* **Instructions for the task**
Transcribe the data that follows in full. Leave out the pictures.

* **Supplied records**
· · · · · · ·

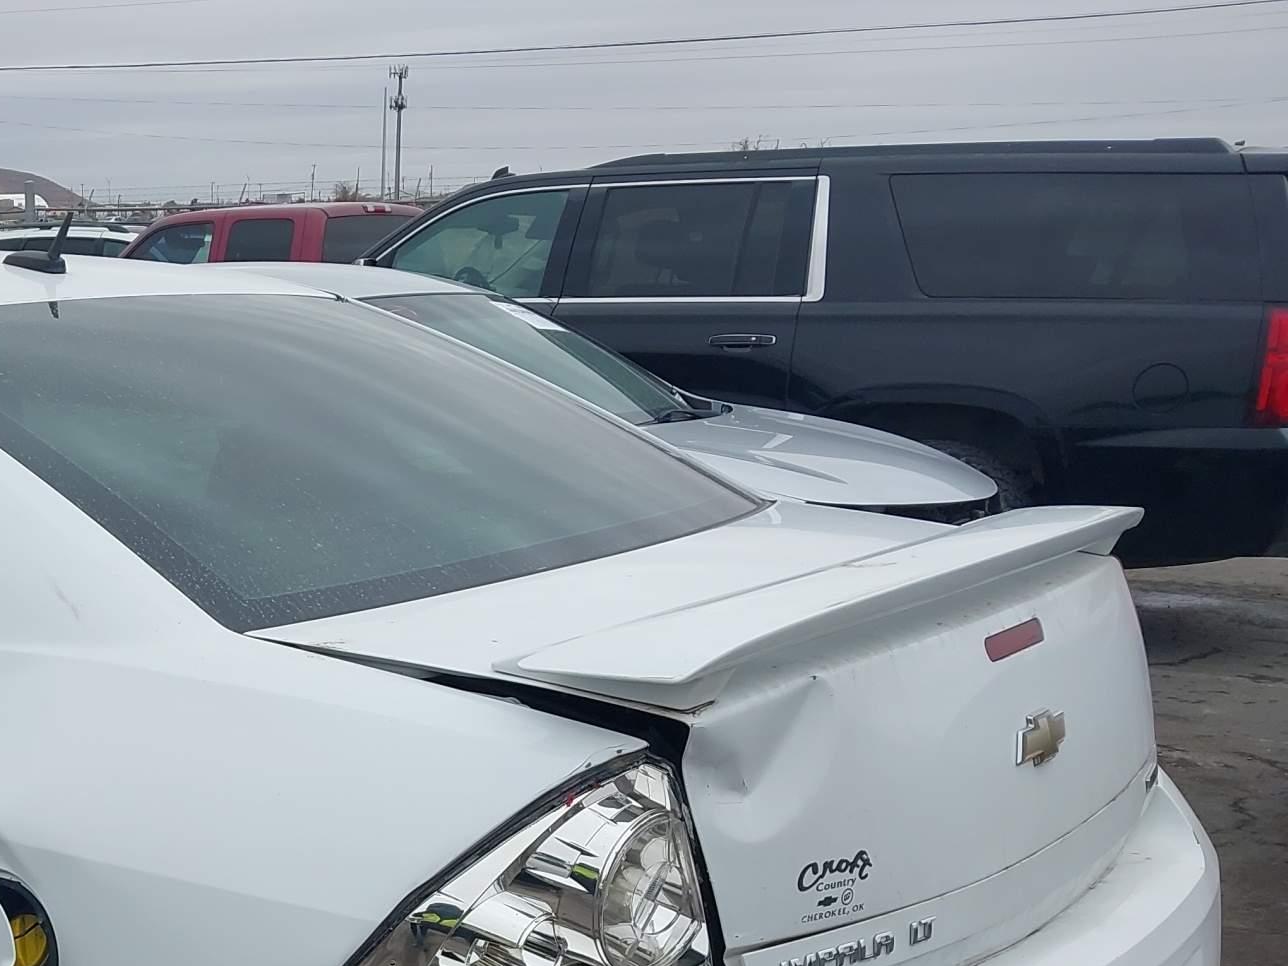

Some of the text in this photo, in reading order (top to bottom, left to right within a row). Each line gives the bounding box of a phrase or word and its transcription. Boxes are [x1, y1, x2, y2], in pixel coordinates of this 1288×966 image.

[797, 849, 873, 892] Croft
[816, 877, 857, 892] Country
[801, 902, 865, 924] CHEROKEE, OK
[909, 915, 937, 946] LT
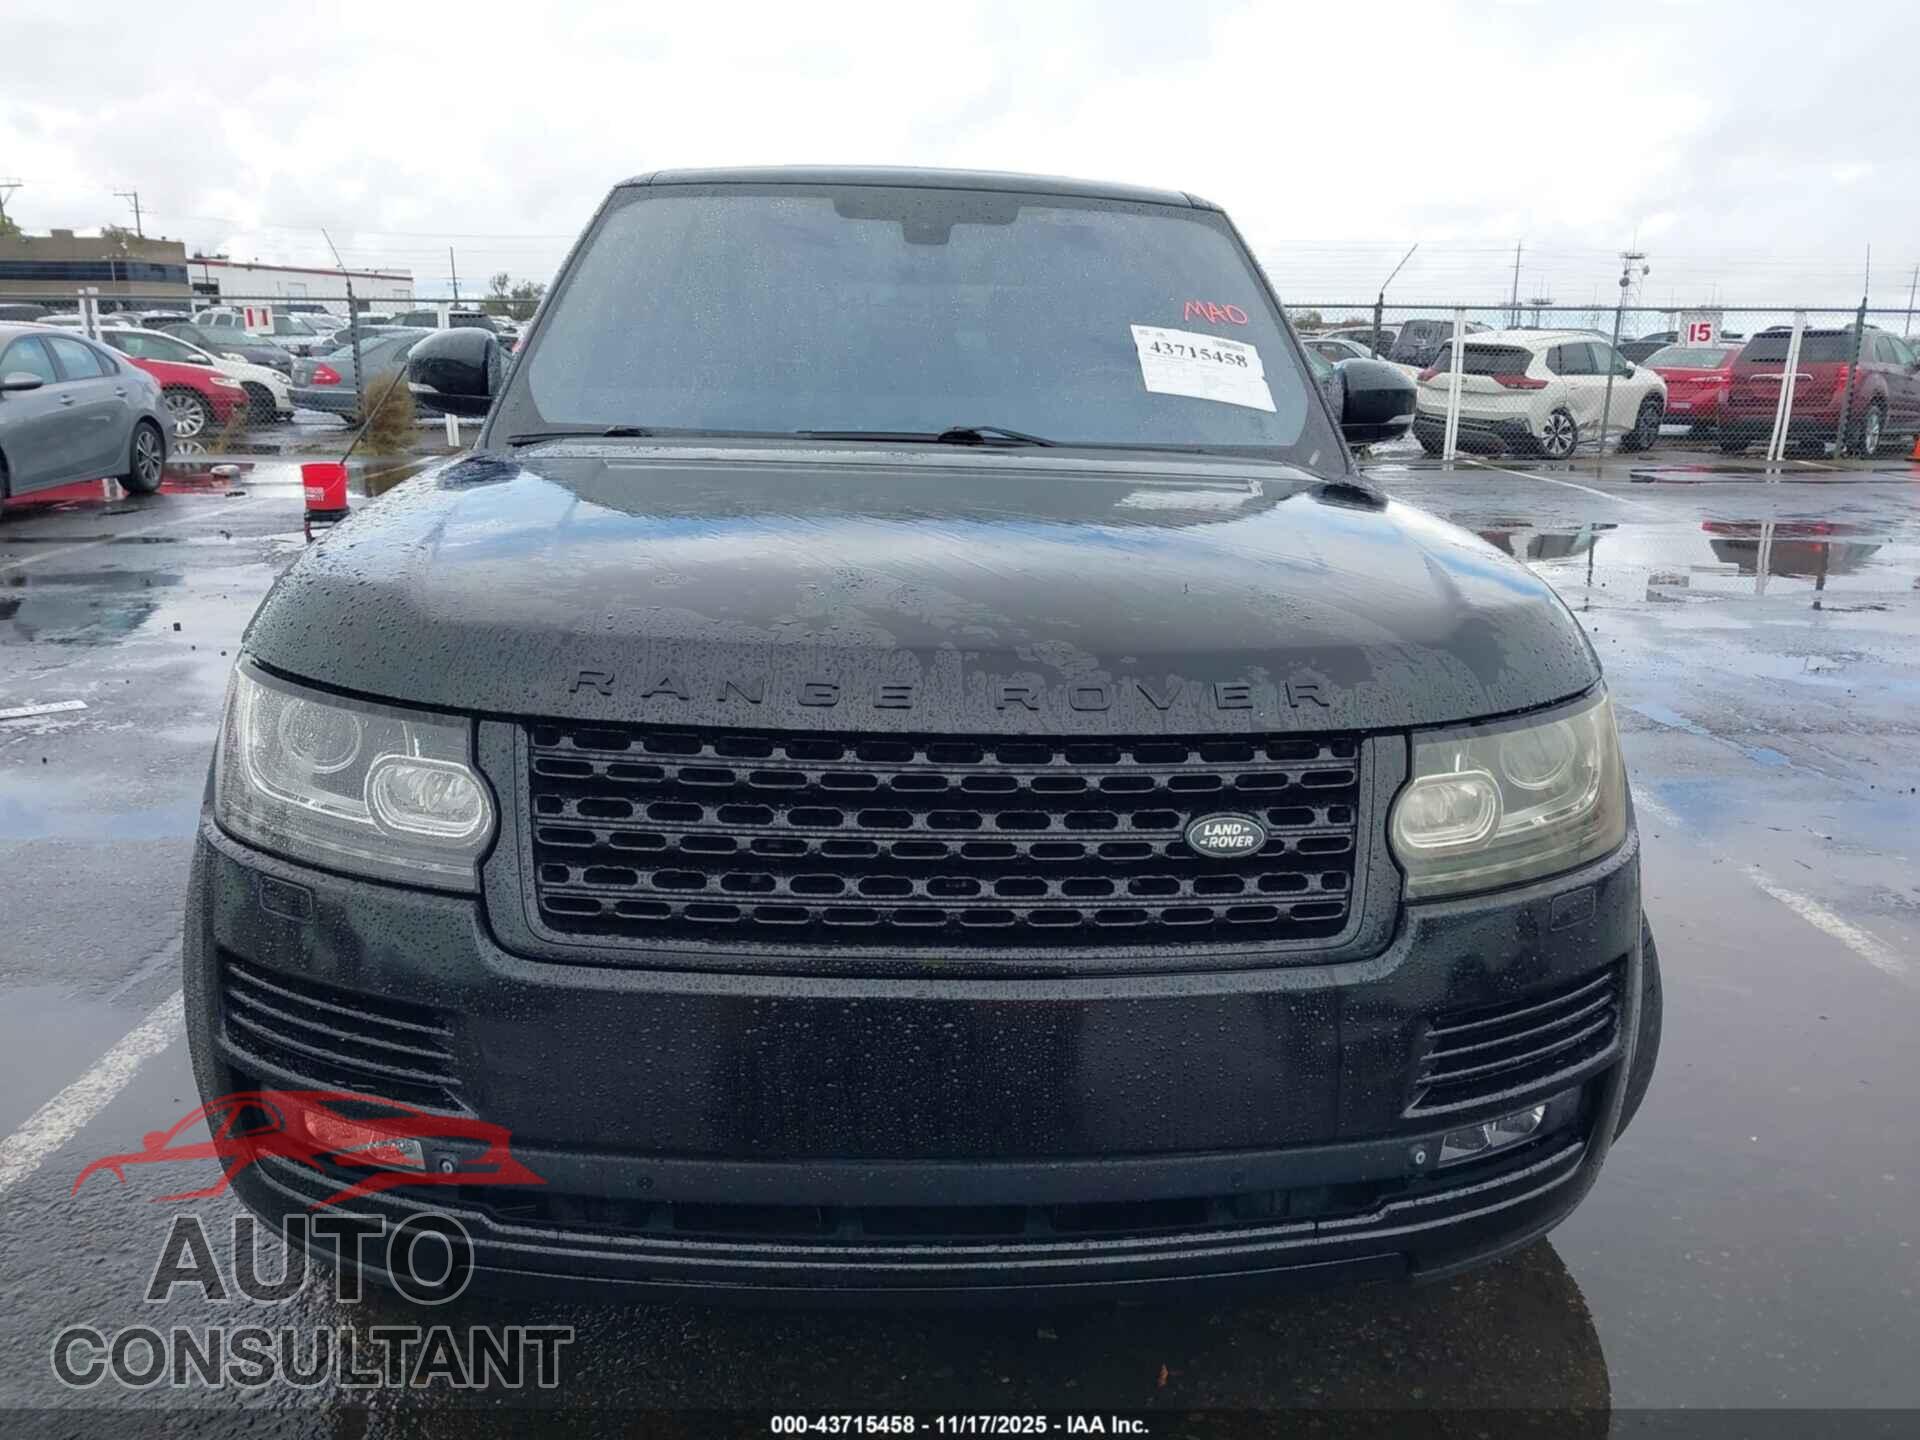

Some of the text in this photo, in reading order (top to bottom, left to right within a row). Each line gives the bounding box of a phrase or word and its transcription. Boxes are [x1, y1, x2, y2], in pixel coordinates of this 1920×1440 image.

· · · · · · ·

* **Your solution**
Some of the text in this photo, in reading order (top to bottom, left to right within a row). Each line gives the bounding box of a phrase or word and its transcription. Boxes are [x1, y1, x2, y2], in pixel coordinates of this 1288×966 image.

[797, 849, 873, 892] Croft
[816, 877, 857, 892] Country
[801, 902, 865, 924] CHEROKEE, OK
[909, 915, 937, 946] LT

Some of the text in this photo, in reading order (top to bottom, left to right within a row). Each line gives the bounding box of a phrase or word and its transcription. Boxes are [x1, y1, x2, y2], in pixel coordinates of this 1920×1440 image.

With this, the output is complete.